One-Year Survival for Adult Venoarterial Extracorporeal Membrane Oxygenation Patients Requiring Renal-Replacement Therapy

医学 体外膜肺氧合 肾脏替代疗法 急性肾损伤 回顾性队列研究 肾脏疾病 重症监护室 存活率 内科学 重症监护医学 外科
作者
Benjamin Levin,Jamel Ortoleva,A. Tagliavia,Katia M Colon,Jerome C. Crowley,Kenneth Shelton,Adam A. Dalia
出处
期刊:Journal of Cardiothoracic and Vascular Anesthesia [Elsevier]
卷期号:36 (7): 1942-1948 被引量:2
标识
DOI:10.1053/j.jvca.2021.12.027
摘要

Objectives

Acute kidney injury (AKI) and chronic kidney disease (CKD) previously have been associated with in-hospital and long-term mortality of patients undergoing support with venoarterial extracorporeal membrane oxygenation (VA-ECMO). Patient selection criteria and survival prediction scores for VA-ECMO often include AKI or CKD, but exclude patients requiring renal replacement therapy (RRT).

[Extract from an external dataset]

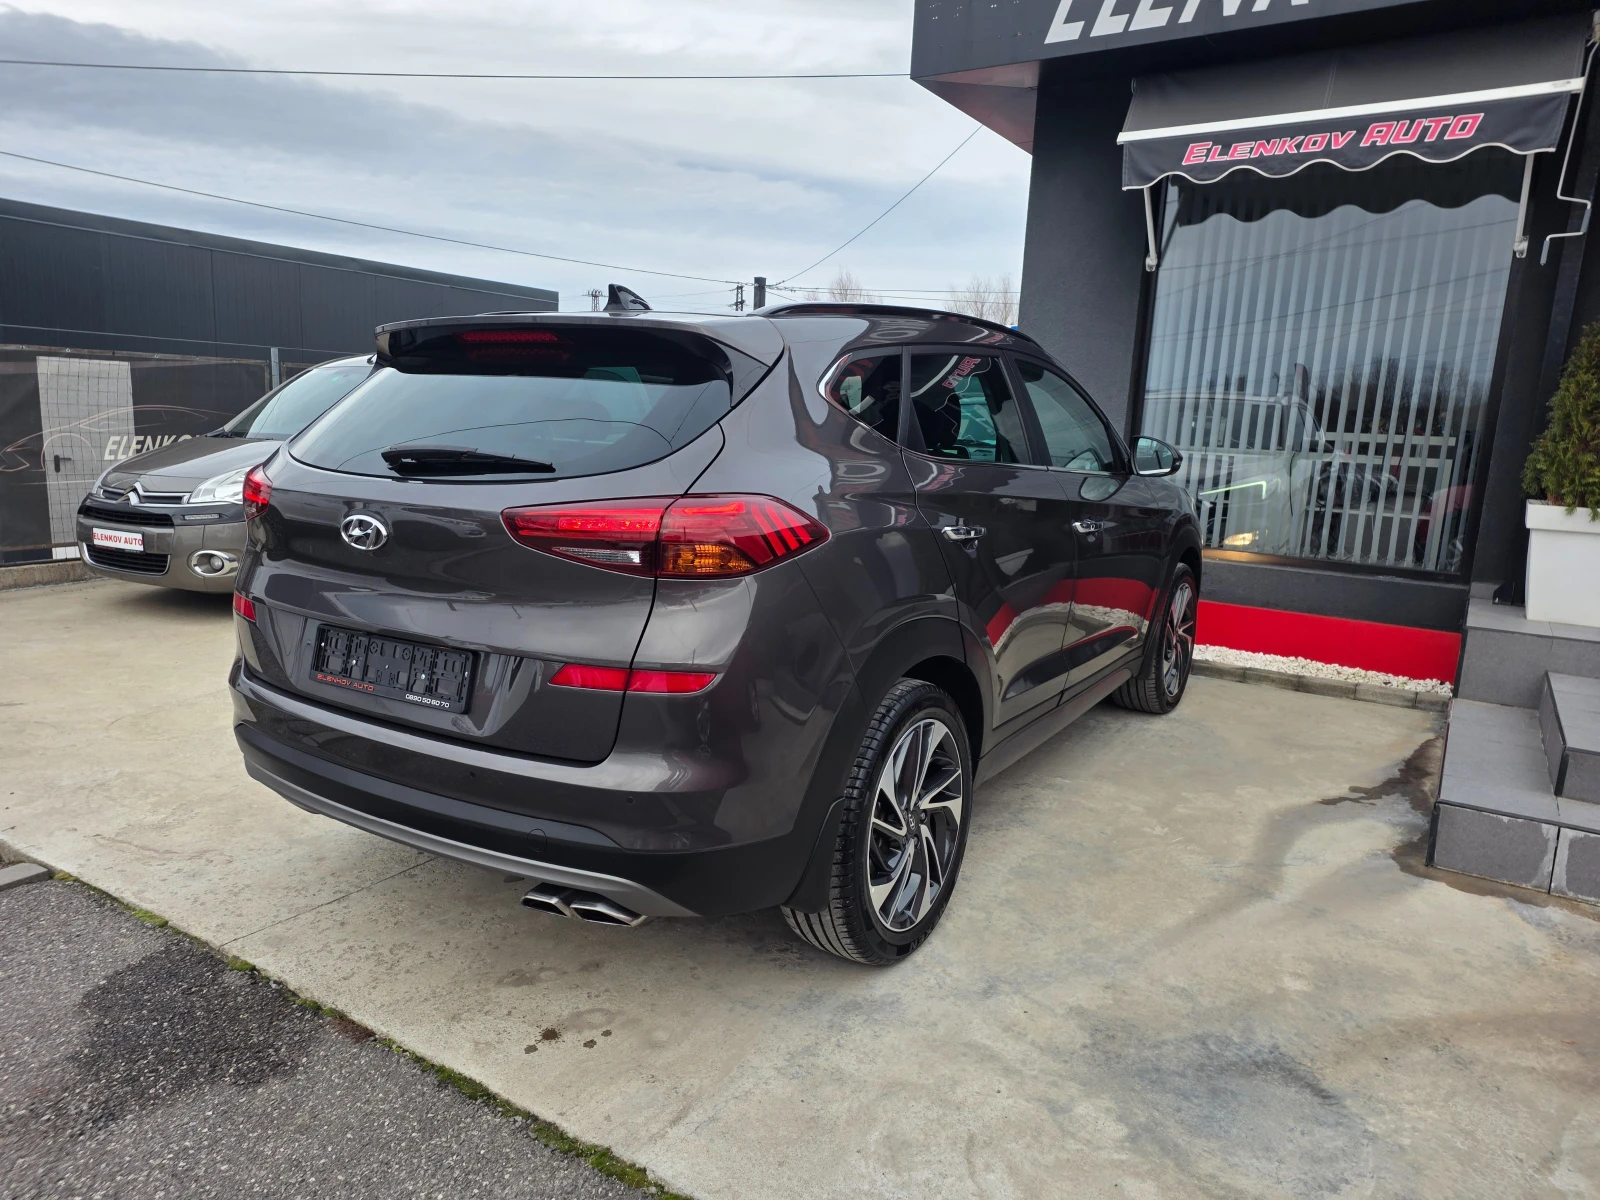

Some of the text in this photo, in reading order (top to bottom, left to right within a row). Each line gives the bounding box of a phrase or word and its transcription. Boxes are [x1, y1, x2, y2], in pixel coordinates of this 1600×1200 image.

The need for RRT in ECMO patients is associated with increased intensive unit care and in-hospital mortality. The effect RRT has on mortality beyond hospital survival is not well-reported. The authors hypothesized that the timing of initiation (pre-ECMO v during ECMO) of RRT can have a significant impact on short- and long-term mortality.

Design

The authors categorized patients into 3 groups: those receiving RRT before initiation of ECMO, those initiated on RRT while on ECMO, and those who did not need RRT while on ECMO. The authors compared survival to decannulation, 30 days and 1 year between the 3 groups. A multivariate survival analysis also was conducted.

Setting

This was a single center retrospective review of all patients receiving VA-ECMO.

Participants

A total of 347 adult VA-ECMO extracorporeal membrane oxygenation patients.

Interventions

None, retrospective.

Measurements and Main Results

The authors' cohort included 347 total patients, 39 required RRT before ECMO, 139 while on ECMO, and 169 did not require RRT while on ECMO. If RRT was initiated before ECMO, survival to decannulation was 48.72%, 46.6% if RRT was initiated on ECMO, and 73.96% for patients who did not need RRT while on ECMO. One-year survival was 25.64%, 23.74%, and 46.75%, respectively. There was no significant difference in survival between patients initiated on RRT before ECMO and those who required RRT while on ECMO.

Conclusions

The authors demonstrated that the need for RRT before or while on ECMO has reduced short- and long-term survival when compared with those who did not need RRT while on ECMO. The authors believe that RRT is a marker for severe multiorgan failure and that, despite the benefits of RRT, high mortality will occur. This lack of mortality difference between patients previously on RRT and those newly requiring RRT may help clinicians in deciding to initiate ECMO for patients previously on RRT. Further investigation into complication rates between the groups is required.